Las claves de este modelo tienen que ver con dos elementos esenciales: la convivencia y la universidad. La convivencia se presenta por un lado como un medio para combatir la soledad no deseada en el alumnado senior, por otro lado pretende reducir el coste del acceso a la vivienda en el alumnado junior y también se busca impulsar el contacto entre ambos mundos.

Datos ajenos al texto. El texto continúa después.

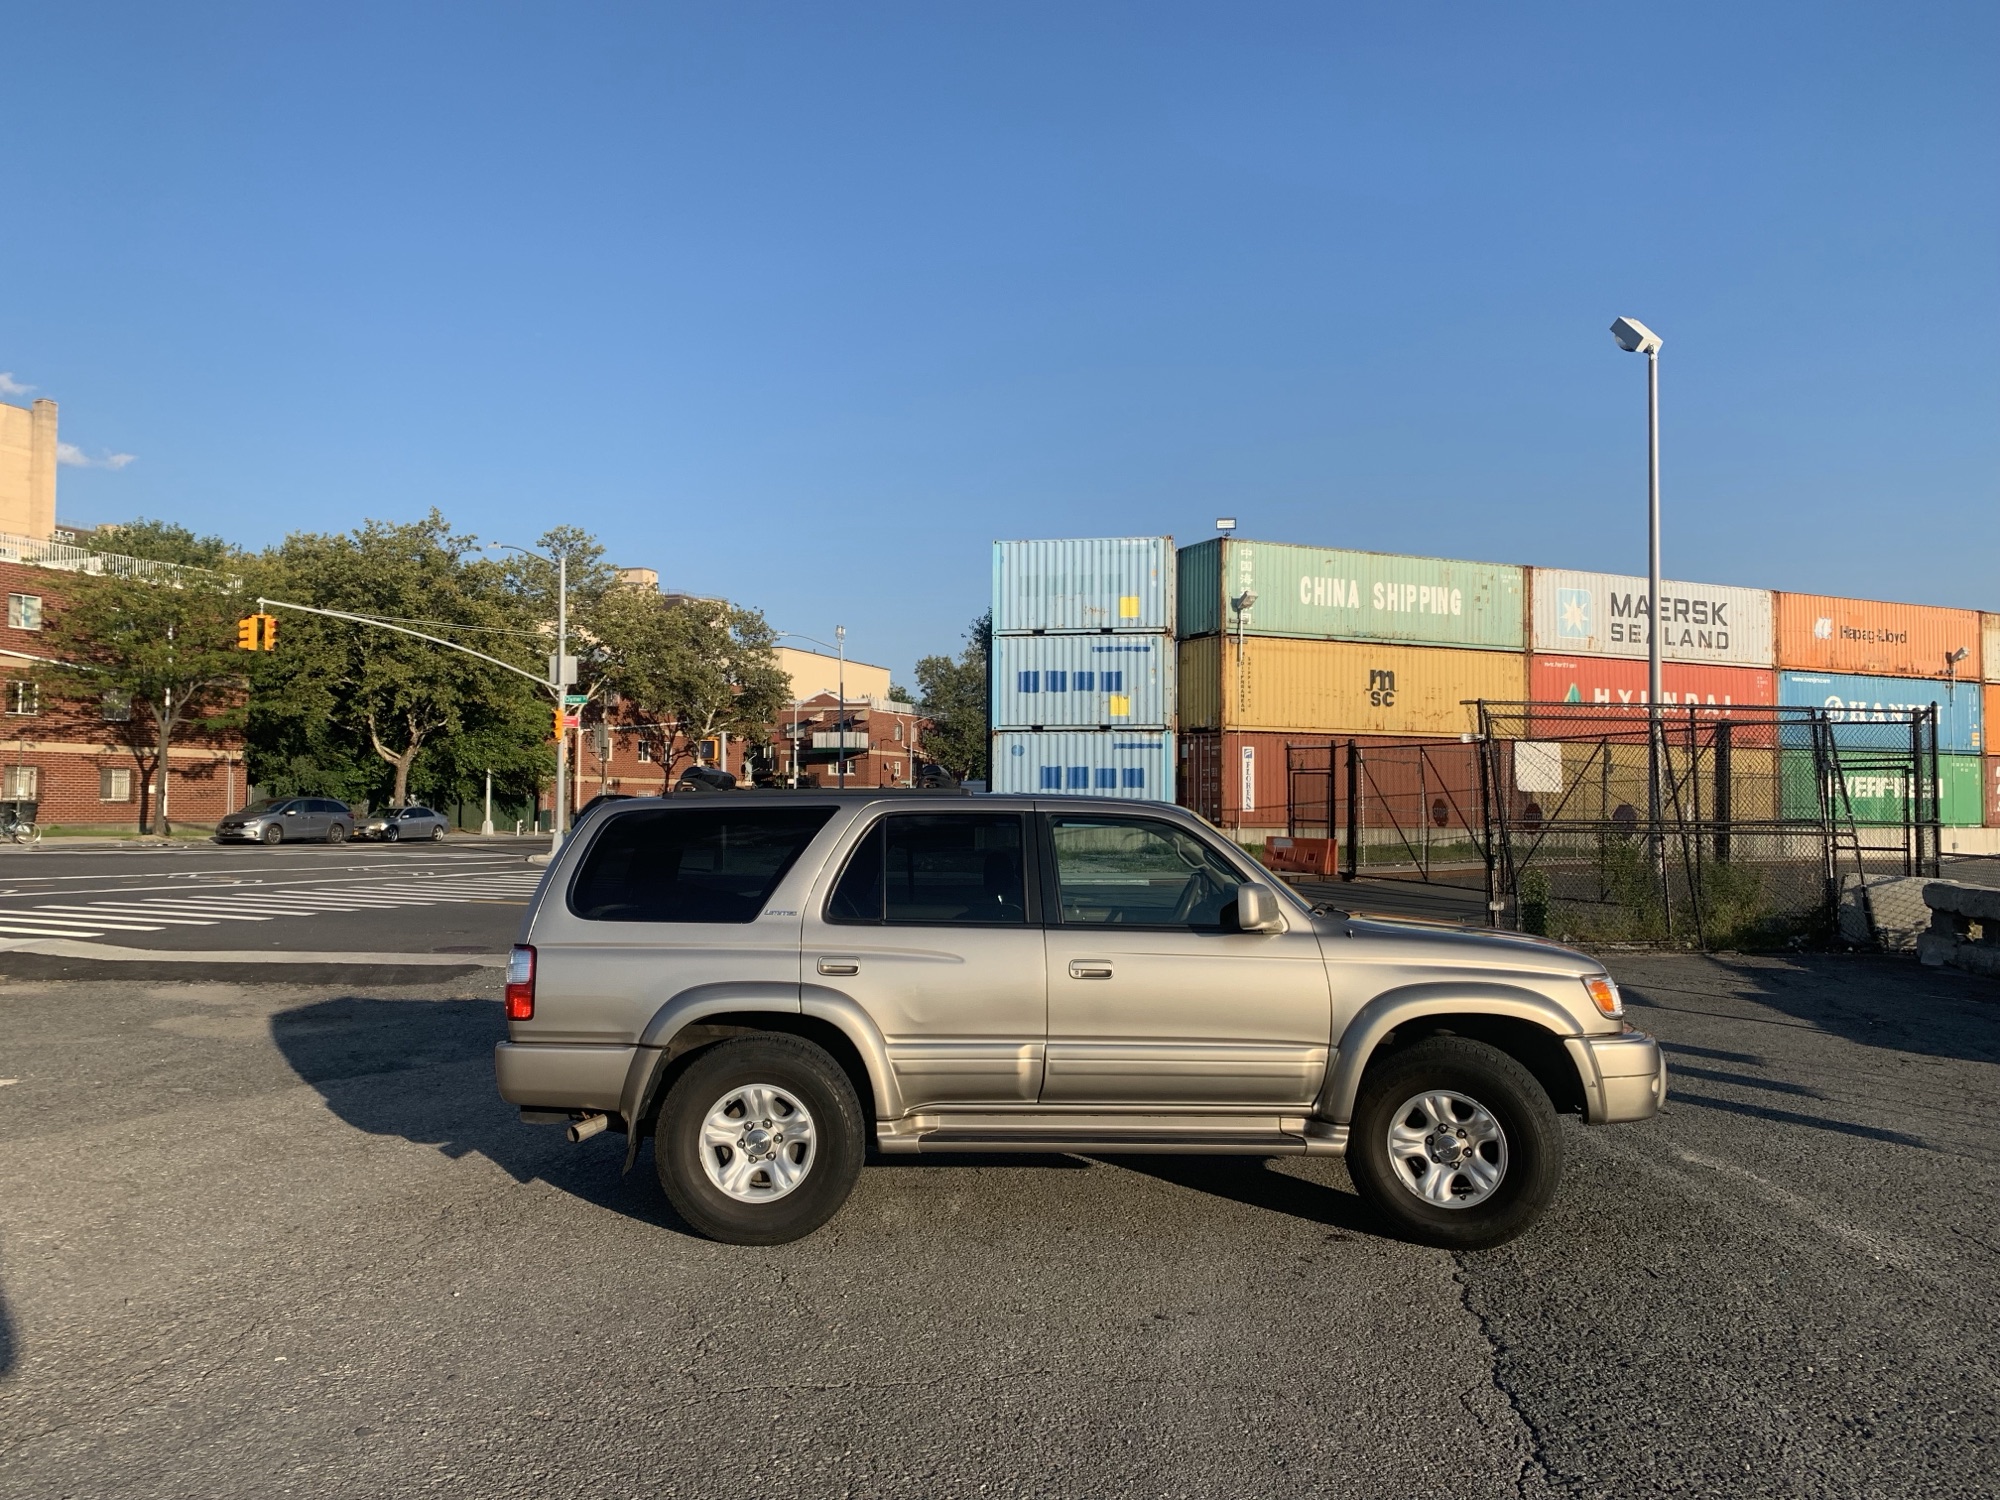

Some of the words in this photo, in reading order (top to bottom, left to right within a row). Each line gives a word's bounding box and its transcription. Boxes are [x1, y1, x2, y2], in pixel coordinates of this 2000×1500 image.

[1300, 576, 1360, 609] CHINA
[1373, 581, 1462, 616] SHIPPING
[1610, 592, 1729, 627] MAERSK
[1610, 622, 1730, 650] SELAND
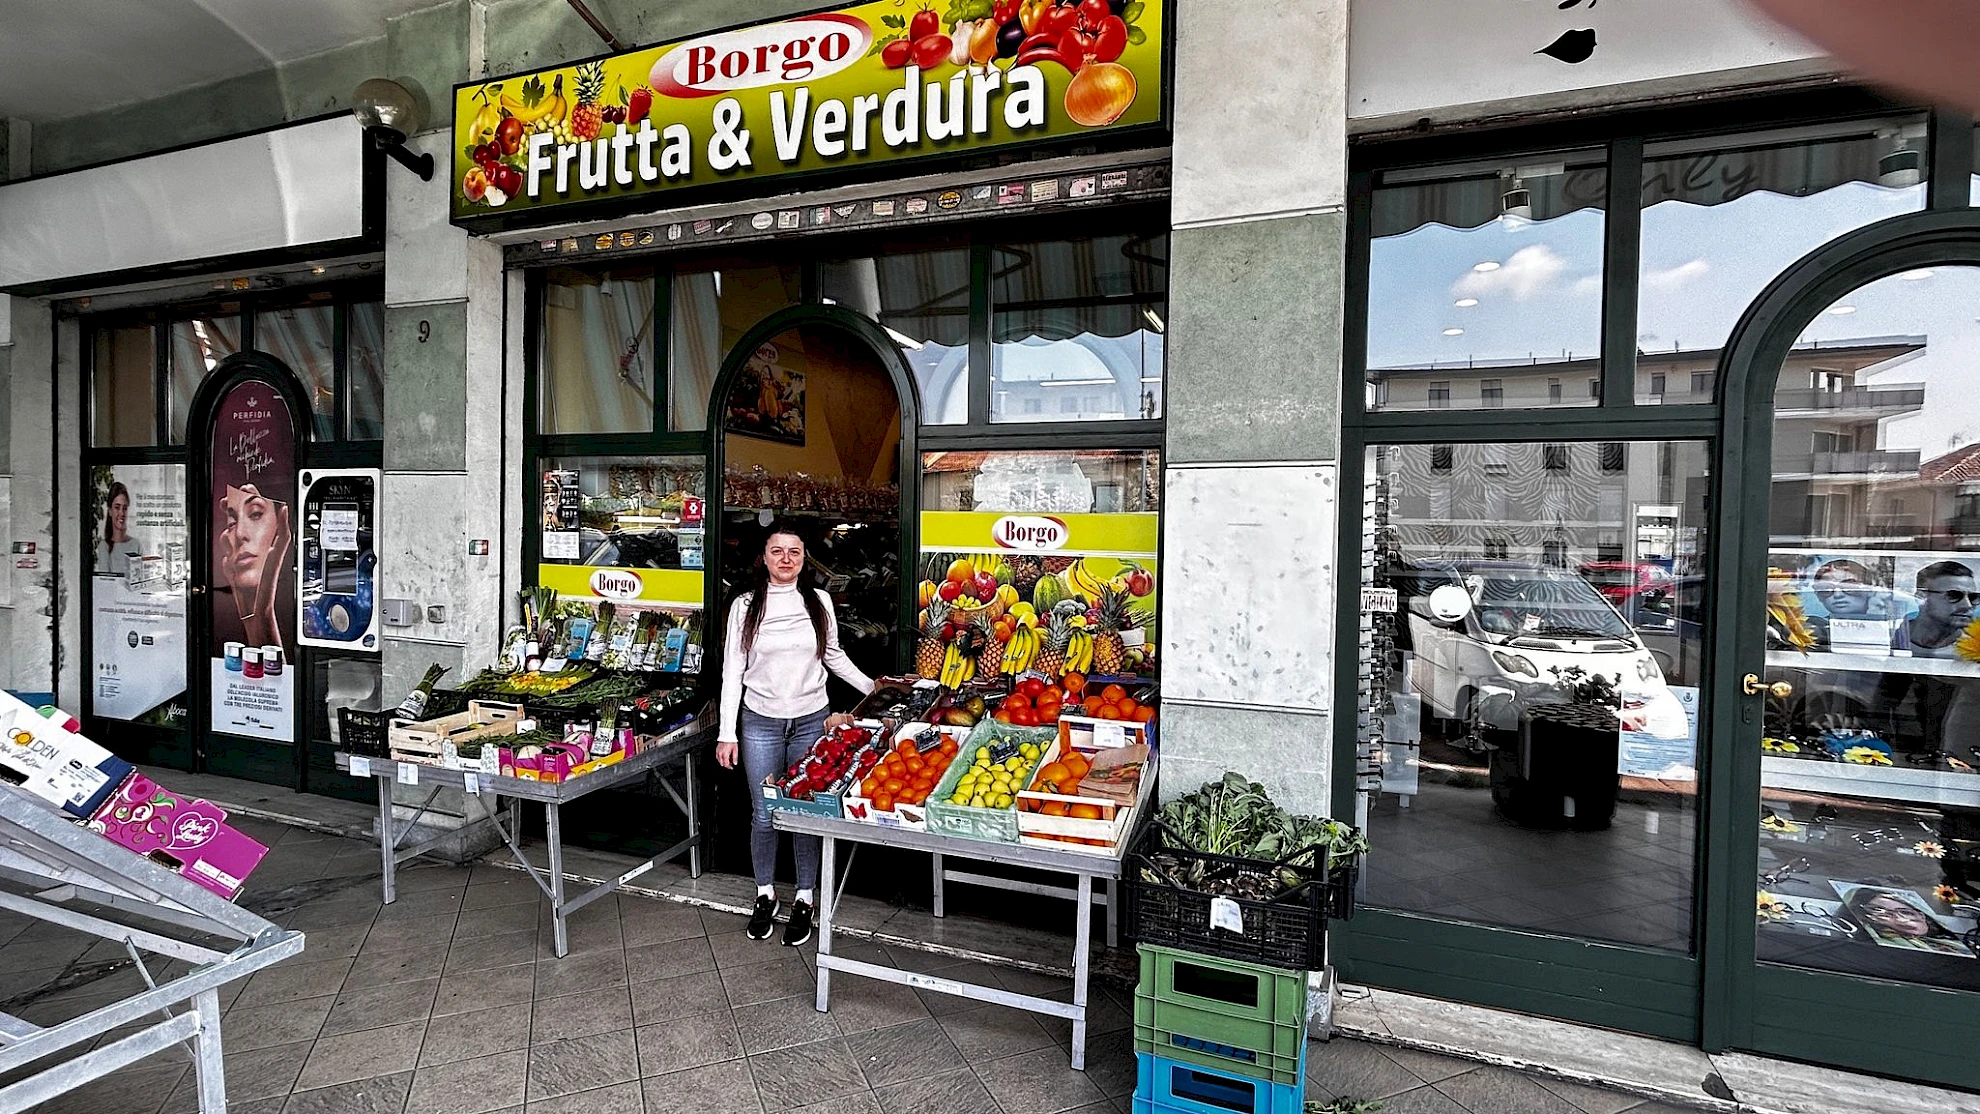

La implicación de la universidad permite crear un entorno de confianza que propicie esa convivencia y un abordaje compartido del problema de la vivienda.  

Existen otros programas similares de convivencia intergeneracional como el programa CONVIVE que desarrolla en la Comunidad de Madrid por la ONG SOLIDARIOS para el desarrollo; el Programa de Acercamiento Intergeneracional de la Universidad de Salamanca o el Programa de convivencia de la Universidad de Málaga.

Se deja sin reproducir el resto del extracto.